TRY IT:
The expected output is the data below, character for character, without its pictures.

DATA SUPPLIED:
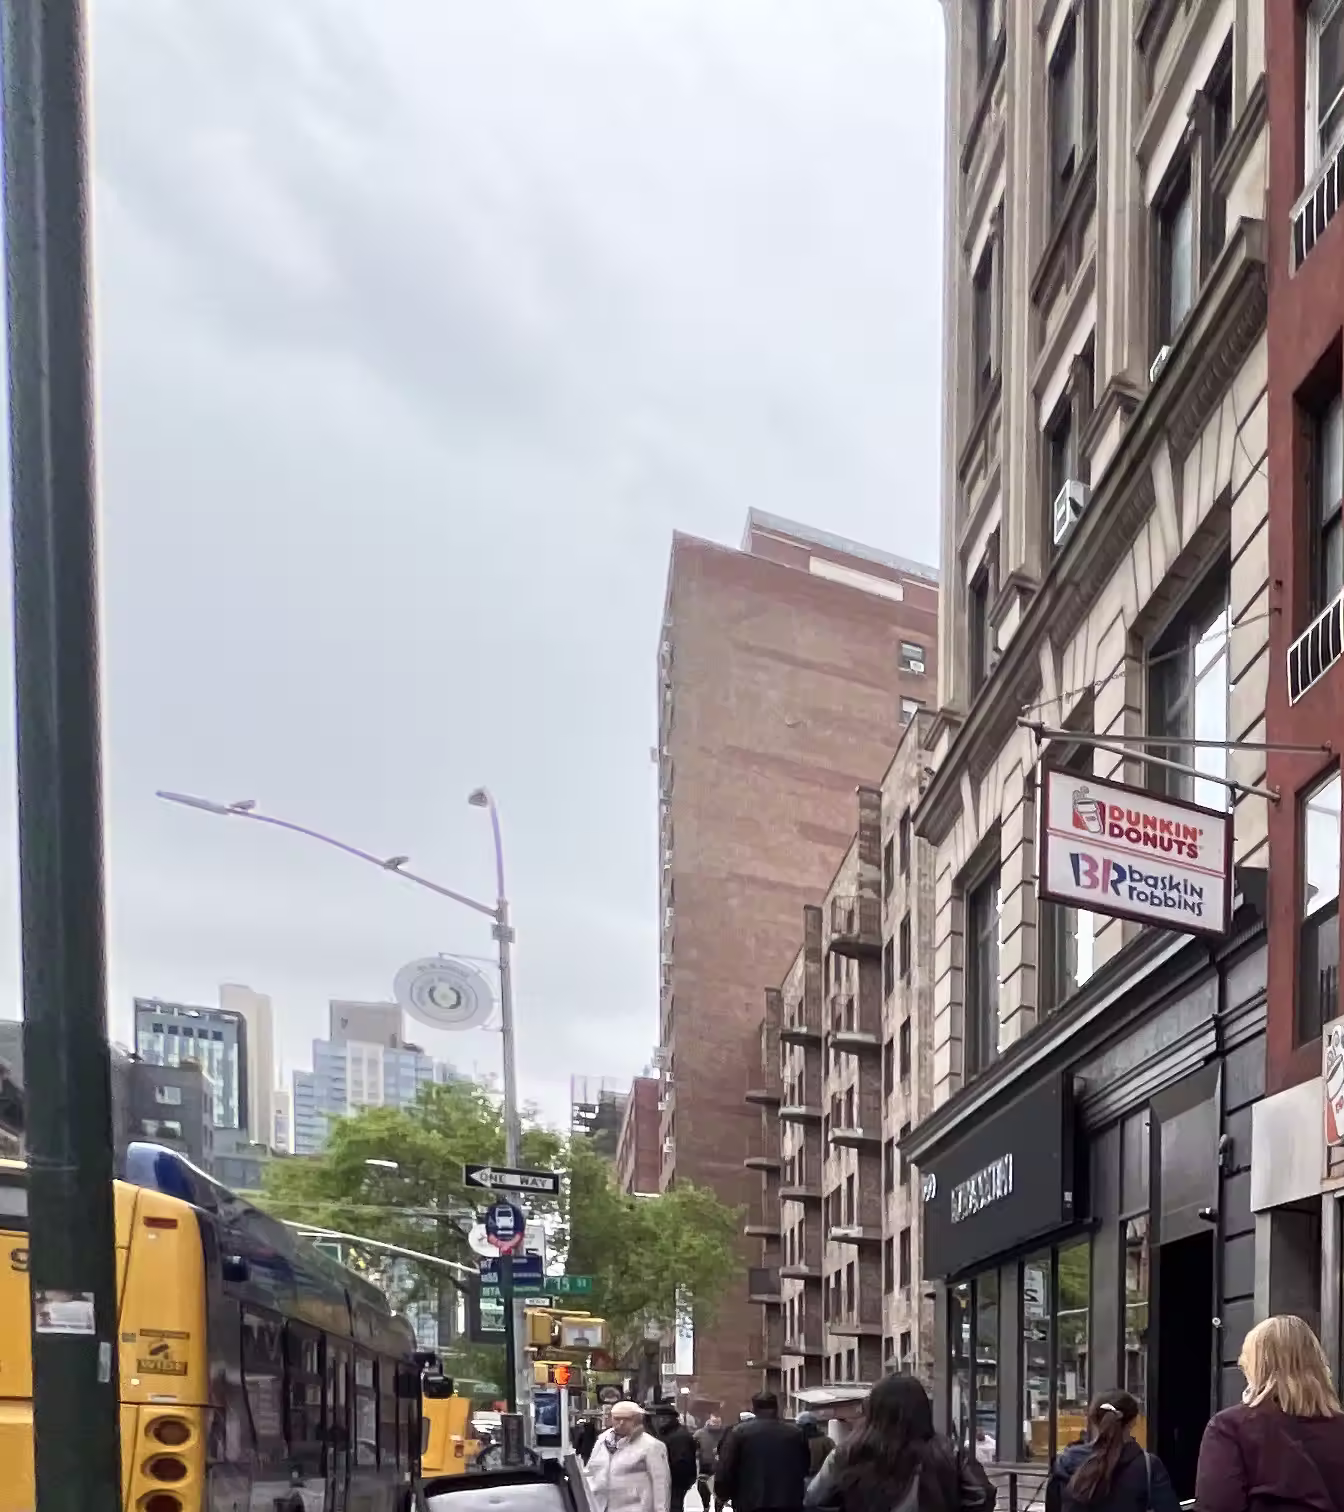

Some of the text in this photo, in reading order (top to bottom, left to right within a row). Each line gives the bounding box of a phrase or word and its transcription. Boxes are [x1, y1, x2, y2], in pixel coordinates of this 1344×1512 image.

[1109, 805, 1203, 841] DUNKIN'
[1109, 822, 1198, 859] DONUTS
[1070, 852, 1127, 896] BR
[480, 1172, 548, 1186] ONE WAY

EXERCISE ANSWER:
Some of the text in this photo, in reading order (top to bottom, left to right within a row). Each line gives the bounding box of a phrase or word and its transcription. Boxes are [x1, y1, x2, y2], in pixel coordinates of this 1344×1512 image.

[1109, 805, 1203, 841] DUNKIN'
[1109, 822, 1198, 859] DONUTS
[1070, 852, 1127, 896] BR
[480, 1172, 548, 1186] ONE WAY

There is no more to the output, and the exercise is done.